The E7440 has two pointing devices: The rubber-tipped pointed nub nestled in the middle of the keyboard that ThinkPads are famous for, and a multi-touch trackpad with two mouse buttons. I've never been wild about a pointing stick--it's like trying to drive a sports car using a tiny steering wheel. Those who master it love the ability to keep both hands over the keyboard's home row. Me, I still like a trackpad, and the one you get on the E7440 is great. It handles multitouch gestures such as pinch-to-zoom with nearly perfect sensitivity, and it provides terrific palm rejection. My only beef: The trackpad can make the pointer a little grabby, occasionally snagging icons and things as I moved the pointer across the screen.
Too many Ultrabook designers drop important ports in pursuit of ever-thinner profiles. The E7440 offers nearly everything you could ask for in a laptop this size, including hardwired Ethernet, HDMI, mini DisplayPort, an SD card reader, and three USB 3.0 ports.

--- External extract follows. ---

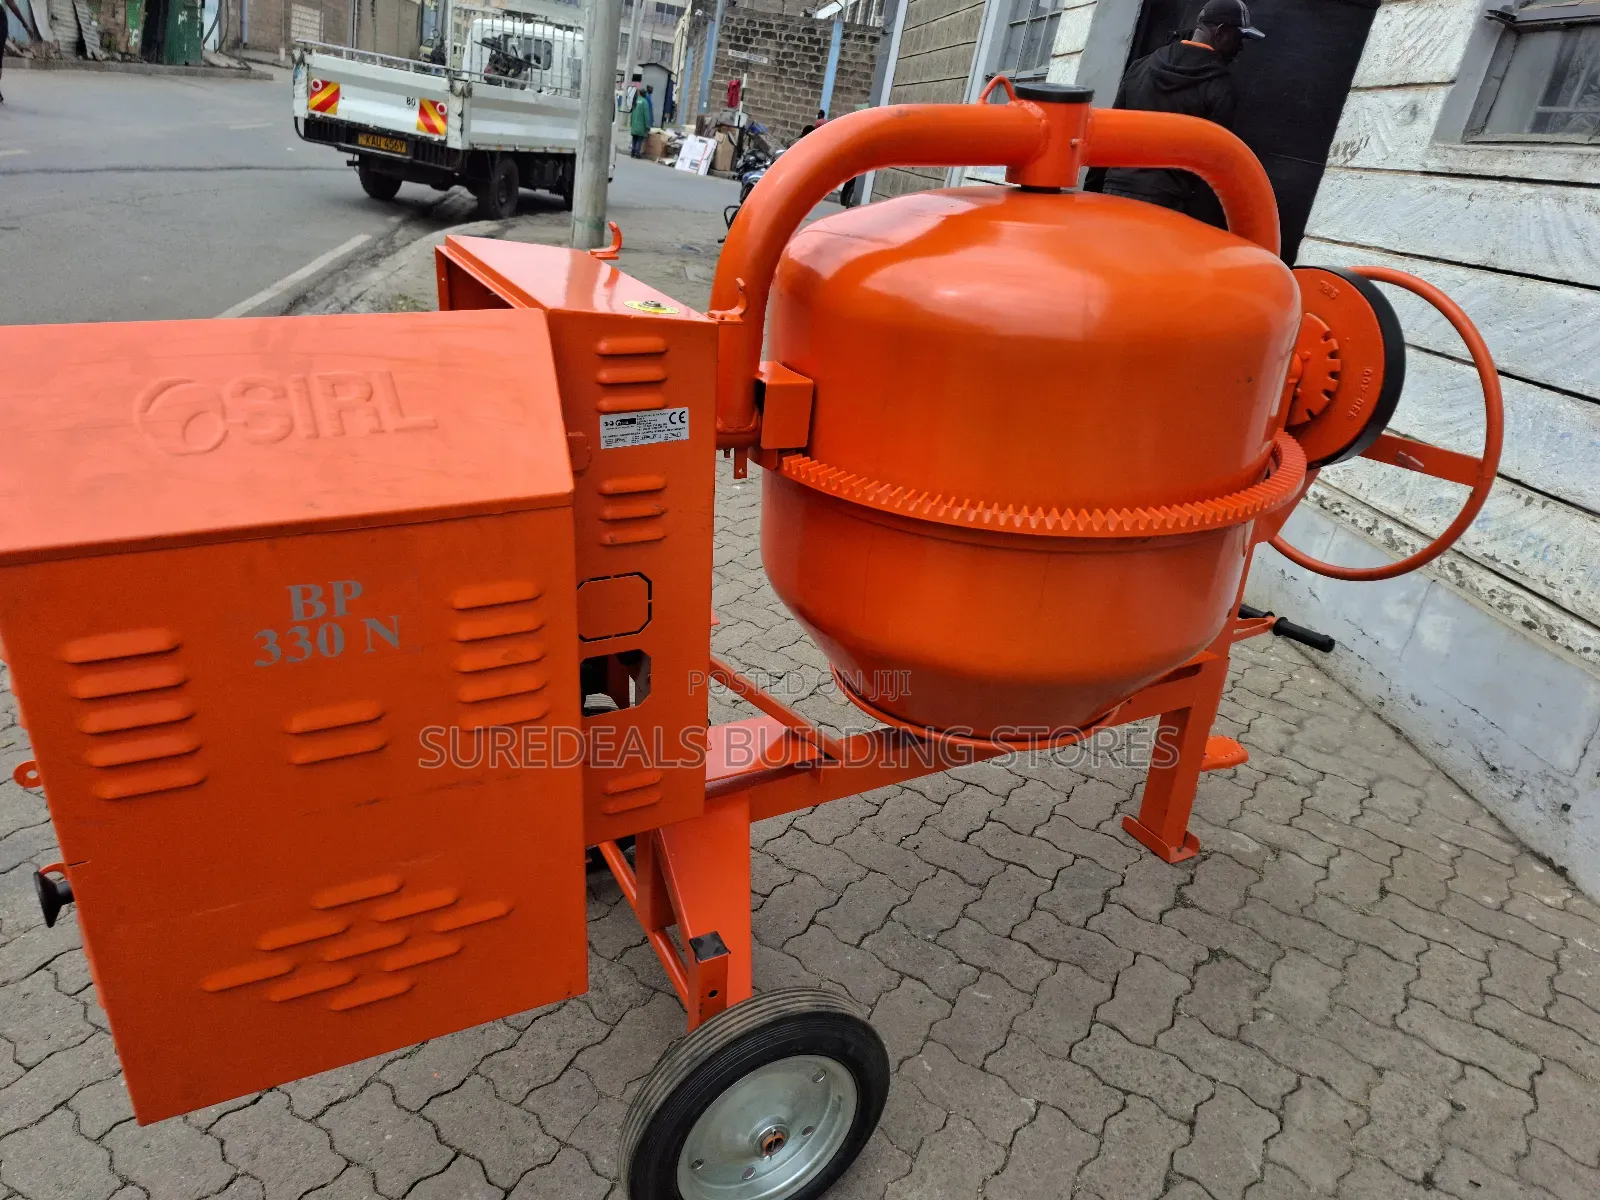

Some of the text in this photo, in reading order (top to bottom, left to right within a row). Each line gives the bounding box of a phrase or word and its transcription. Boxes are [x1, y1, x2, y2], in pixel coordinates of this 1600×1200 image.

Many of these ports are located on the notebook's rear deck, which makes them a bit of a hassle to access. Dell outfits the E7440 with an 802.11ac Wi-Fi adapter. But if you find yourself frequently deskbound, Dell includes a docking station port on the bottom of the computer. A combination VESA monitor stand and docking station is available for $225. You can further beef up the notebook's enterprise chops with a mobile broadband adapter, a Smart card slot, and a fingerprint scanner.
Performance and battery life
Powered by an Intel Core i5-4300U processor, 4GB of DDR3L/1600 memory, and a 256GB SSD, the Latitude E7440 ran smoothly and cranked through basic tasks just fine. Just don't expect it to rip through intense computational tasks like video rendering or playing AAA games-it's not designed for those workloads.
Still, its benchmark scores left me just a little disappointed. It finished well behind the aforementioned X1 Carbon Touch, which is powered by the same CPU; and a little behindHP's EliteBook Folio 1040 G1 , which runs on Intel's Core i5-4200U processor.
When the Latitude E7440's battery dies-our grueling battery-rundown test killed the one is this eval unit in just 4.5 hours-you can pull it out and slap in a fresh one. That's a rare attribute of modern Ultrabooks, and it's a good thing, because it took more than 4 hours to not-quite fully charge the original. Taking advantage of that feature means packing a second 10-ounce battery (or forgetting to pack, or packing it only to lose it in your travels). I'd much prefer to just have one battery that lasts a good, long time.